12 Der Verwaltungsgerichtshof geht in seiner Rechtsprechung zur Beschlagnahme nach § 53 GSpG davon aus, dass die Legitimation zur Erhebung einer Beschwerde gegen einen Beschlagnahmebescheid - unabhängig davon, ob der Beschwerdeführer formal als Adressat des Bescheides bezeichnet wurde oder nicht - davon abhängig ist, ob nach der anzuwendenden gesetzlichen Grundlage der Beschlagnahmebescheid (allenfalls: auch) an ihn zu richten gewesen wäre. Das Beschwerderecht kommt daher dem Eigentümer der beschlagnahmten Sache auch dann zu, wenn der Bescheid nicht an ihn adressiert war und ihm nicht zugestellt wurde. Für das Beschwerderecht ist nicht maßgeblich, an wen der erstinstanzliche Beschlagnahmebescheid ausdrücklich gerichtet war. Dass der konkrete Beschlagnahmebescheid vom 6. April 2016 nicht an die revisionswerbende Partei als Eigentümerin der beschlagnahmten Glücksspielgeräte gerichtet war und an sie nicht zugestellt wurde, steht ihrem Beschwerderecht nicht entgegen (vgl. VwGH 23.1.2017, Ra 2016/17/0281, mwN).

13 Der somit bereits vor der Einbringung der Maßnahmenbeschwerde am 6. April 2016 ergangene Beschlagnahmebescheid hindert daher deren Zulässigkeit.
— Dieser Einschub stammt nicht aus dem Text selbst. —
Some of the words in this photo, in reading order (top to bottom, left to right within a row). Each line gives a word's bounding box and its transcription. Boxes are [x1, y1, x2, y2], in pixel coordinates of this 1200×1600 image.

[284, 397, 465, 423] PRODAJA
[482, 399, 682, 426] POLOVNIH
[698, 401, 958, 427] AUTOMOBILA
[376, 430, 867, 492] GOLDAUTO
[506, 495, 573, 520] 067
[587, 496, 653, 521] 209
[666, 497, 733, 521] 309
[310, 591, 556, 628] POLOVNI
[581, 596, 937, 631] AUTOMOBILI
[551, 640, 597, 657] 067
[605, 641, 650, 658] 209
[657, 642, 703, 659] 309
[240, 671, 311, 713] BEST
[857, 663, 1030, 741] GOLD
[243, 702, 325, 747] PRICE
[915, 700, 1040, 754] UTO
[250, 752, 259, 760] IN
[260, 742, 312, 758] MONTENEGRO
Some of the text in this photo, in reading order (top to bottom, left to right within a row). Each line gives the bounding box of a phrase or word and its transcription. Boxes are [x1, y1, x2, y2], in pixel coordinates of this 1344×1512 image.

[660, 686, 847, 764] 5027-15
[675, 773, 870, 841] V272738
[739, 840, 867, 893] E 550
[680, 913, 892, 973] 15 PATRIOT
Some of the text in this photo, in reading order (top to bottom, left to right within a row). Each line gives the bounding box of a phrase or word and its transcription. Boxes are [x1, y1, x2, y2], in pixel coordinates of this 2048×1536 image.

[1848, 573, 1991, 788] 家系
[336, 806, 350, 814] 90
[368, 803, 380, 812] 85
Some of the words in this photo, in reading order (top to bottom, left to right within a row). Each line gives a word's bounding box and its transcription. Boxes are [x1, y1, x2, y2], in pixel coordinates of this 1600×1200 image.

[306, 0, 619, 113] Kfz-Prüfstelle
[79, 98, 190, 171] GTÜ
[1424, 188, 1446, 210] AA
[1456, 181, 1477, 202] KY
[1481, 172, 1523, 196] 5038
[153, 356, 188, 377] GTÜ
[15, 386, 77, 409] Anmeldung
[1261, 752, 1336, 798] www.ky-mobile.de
Das LVwG hat daher im Ergebnis zu Recht die revisionswerbende Partei gemäß § 35 Abs. 1, 3 und 4 VwGVG zum Aufwandersatz verpflichtet.

14 Die Revision war somit gemäß § 42 Abs. 1 VwGG abzuweisen. 15 Die Entscheidung über den Aufwandersatz beruht auf den §§ 47 ff VwGG iVm der VwGH-Aufwandersatzverordnung 2014.